> Exercise description:
Write out the records that follow exactly. Do not include pictures.

[Phrase grounding data]
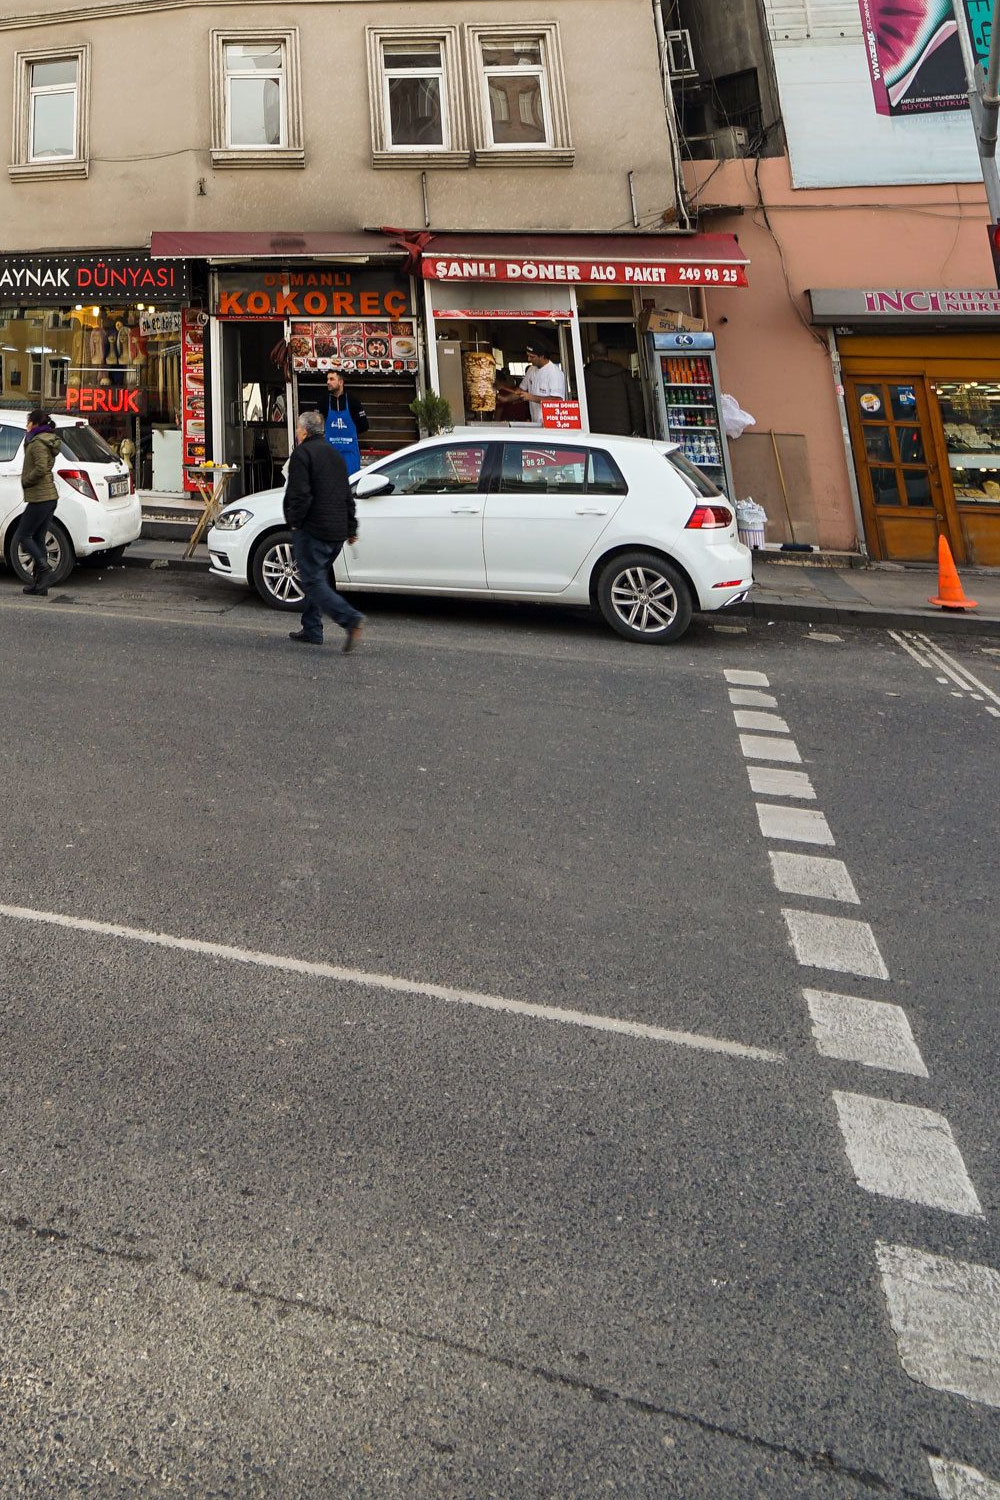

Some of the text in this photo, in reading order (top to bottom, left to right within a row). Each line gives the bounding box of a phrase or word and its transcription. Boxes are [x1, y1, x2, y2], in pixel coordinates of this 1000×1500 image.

[77, 263, 175, 288] DÜNYASI
[435, 260, 738, 283] ŞANLI DÖNER ALO PAKET 249 98 25
[219, 291, 407, 322] KOKOREÇ
[66, 388, 140, 413] PERUK

> Result of this exercise:
Some of the text in this photo, in reading order (top to bottom, left to right within a row). Each line gives the bounding box of a phrase or word and its transcription. Boxes are [x1, y1, x2, y2], in pixel coordinates of this 1000×1500 image.

[77, 263, 175, 288] DÜNYASI
[435, 260, 738, 283] ŞANLI DÖNER ALO PAKET 249 98 25
[219, 291, 407, 322] KOKOREÇ
[66, 388, 140, 413] PERUK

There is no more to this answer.